The impact of a change in exchange rates on the Companies’ foreign currency-based financial derivative instruments at a point in time is not necessarily representative of the results that will be realized when the contracts are ultimately settled. Net gains and/or losses from foreign exchange derivative instruments used for hedging purposes, to the extent realized, will generally be offset by recognition of the hedged transaction.
Investment Price Risk
The Companies are subject to investment price risk due to securities held as investments in nuclear decommissioning and rabbi trust funds that are managed by third-party investment managers. These trust funds primarily hold marketable securities that are reported in the Companies’ Consolidated Balance Sheets at fair value.
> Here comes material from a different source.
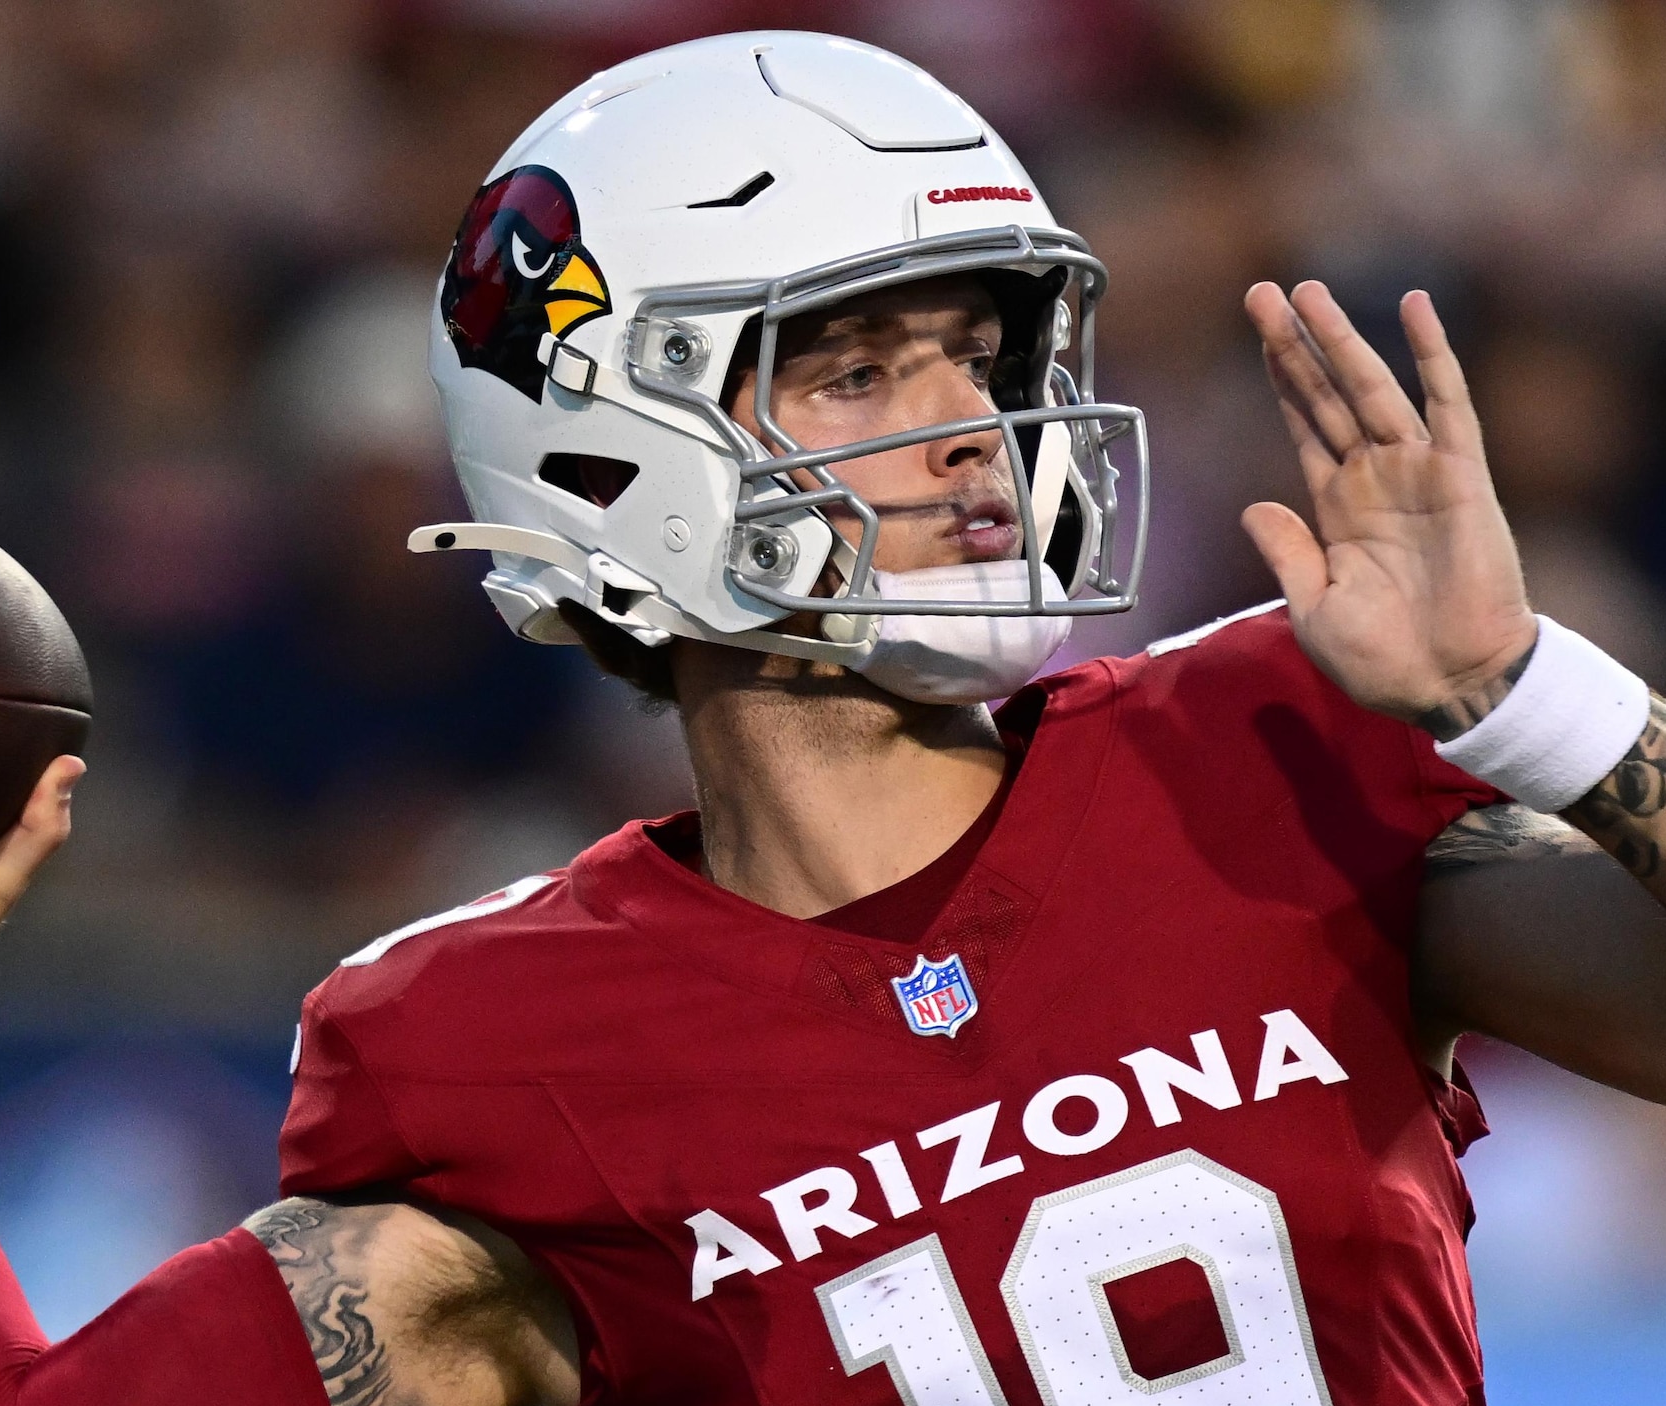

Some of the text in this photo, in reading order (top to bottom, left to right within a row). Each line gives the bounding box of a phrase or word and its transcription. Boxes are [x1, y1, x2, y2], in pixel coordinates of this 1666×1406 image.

[927, 186, 1033, 204] CARDINALS
[913, 987, 967, 1025] NFL
[684, 1009, 1349, 1302] ARIZONA
Dominion Energy recognized net investment gains (including investment income) on nuclear decommissioning and rabbi trust investments of $1.0 billion, $409 million and $879 million for the nine months ended September 30, 2024 and 2023 and the year ended December 31, 2023, respectively. Net realized gains and losses include gains and losses from the sale of investments as well as any other-than-temporary declines in fair value. Dominion Energy recorded in AOCI and regulatory liabilities, a net increase in unrealized gains on debt investments of $41 million for the nine months ended September 30, 2024 and $117 million for the year ended December 31, 2023, and a net decrease of $14 million for the nine months ended September 30, 2023.
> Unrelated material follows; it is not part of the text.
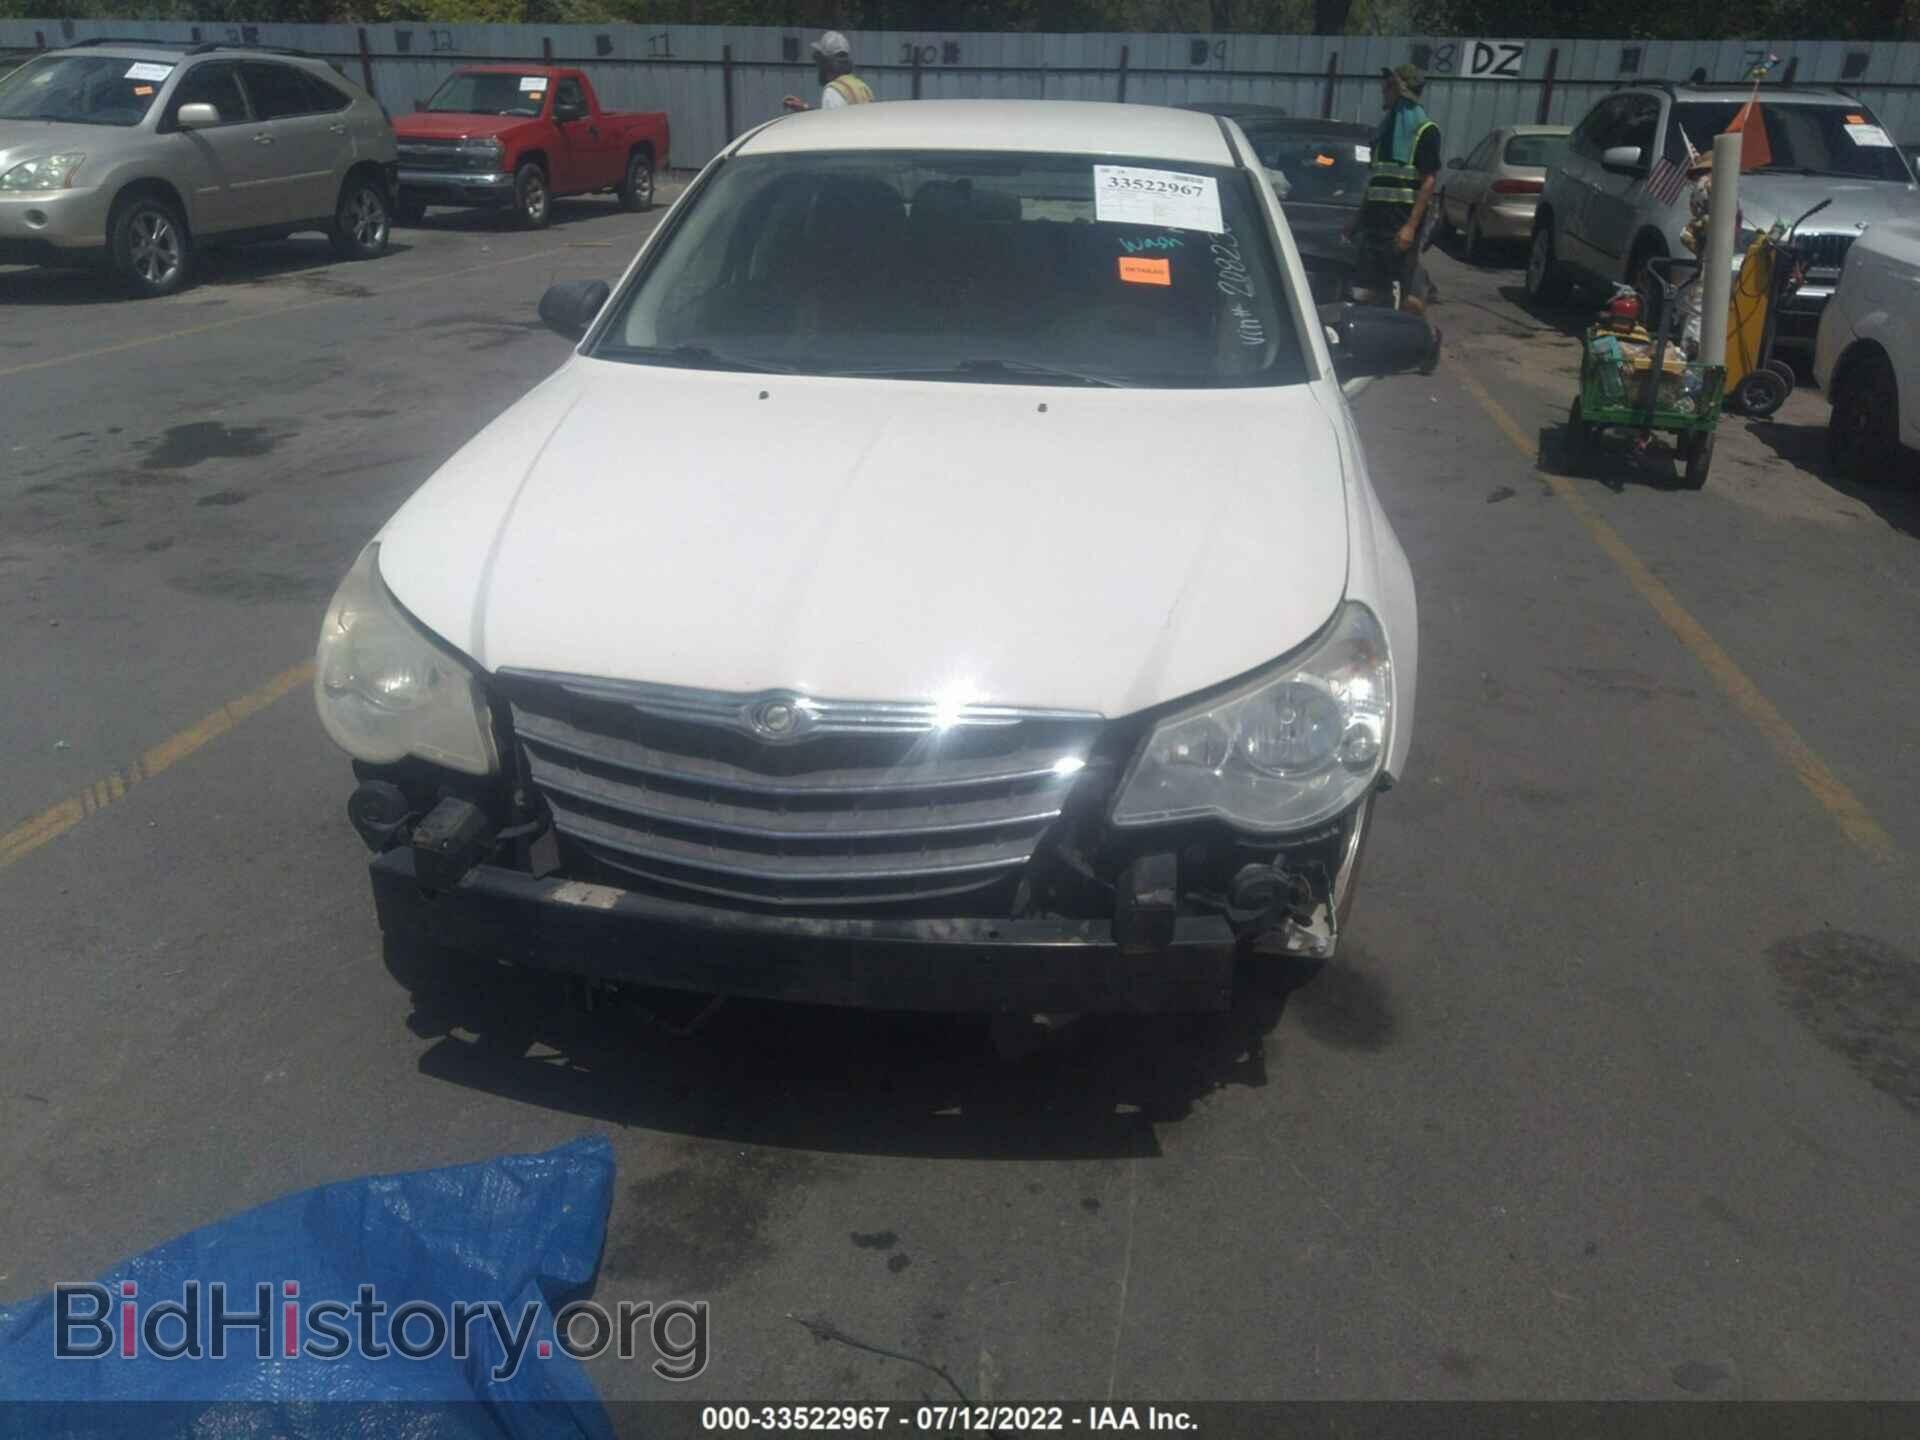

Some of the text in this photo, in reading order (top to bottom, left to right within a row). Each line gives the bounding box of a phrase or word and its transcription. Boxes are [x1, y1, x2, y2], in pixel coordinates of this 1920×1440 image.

[901, 42, 938, 64] 10
[1435, 43, 1455, 73] 8
[1471, 41, 1524, 77] DZ
[1107, 176, 1204, 197] 33522967
Virginia Power recognized net investment gains (including investment income) on nuclear decommissioning and rabbi trust investments of $526 million, $206 million and $448 million for the nine months ended September 30, 2024 and 2023 and the year ended December 31, 2023, respectively. Net realized gains and losses include gains and losses from the sale of investments as well as any other-than-temporary declines in fair value. Virginia Power recorded in AOCI and regulatory liabilities, a net increase in unrealized gains on debt investments of $25 million for the nine months ended September 30, 2024 and $66 million for the year ended December 31, 2023, and a net decrease of $8 million for the nine months ended September 30, 2023.
Dominion Energy sponsors pension and other postretirement employee benefit plans that hold investments in trusts to fund employee benefit payments. Virginia Power employees participate in these plans. Differences between actual and expected returns on plan assets are accumulated and amortized during future periods. As such, any investment-related declines in these trusts will result in future increases in the net periodic cost recognized for such employee benefit plans and will be included in the determination of the amount of cash to be contributed to the employee benefit plans.
ITEM 4. CONTROLS AND PROCEDURES
Senior management of both Dominion Energy and Virginia Power, including Dominion Energy and Virginia Power’s CEO and CFO, evaluated the effectiveness of each company’s disclosure controls and procedures as of the end of the period covered by this report. Based on this evaluation process, each of Dominion Energy and Virginia Power’s CEO and CFO have concluded that each company’s disclosure controls and procedures are effective.
There were no changes that occurred during the last fiscal quarter that materially affected, or are reasonably likely to materially affect, Dominion Energy or Virginia Power’s internal control over financial reporting.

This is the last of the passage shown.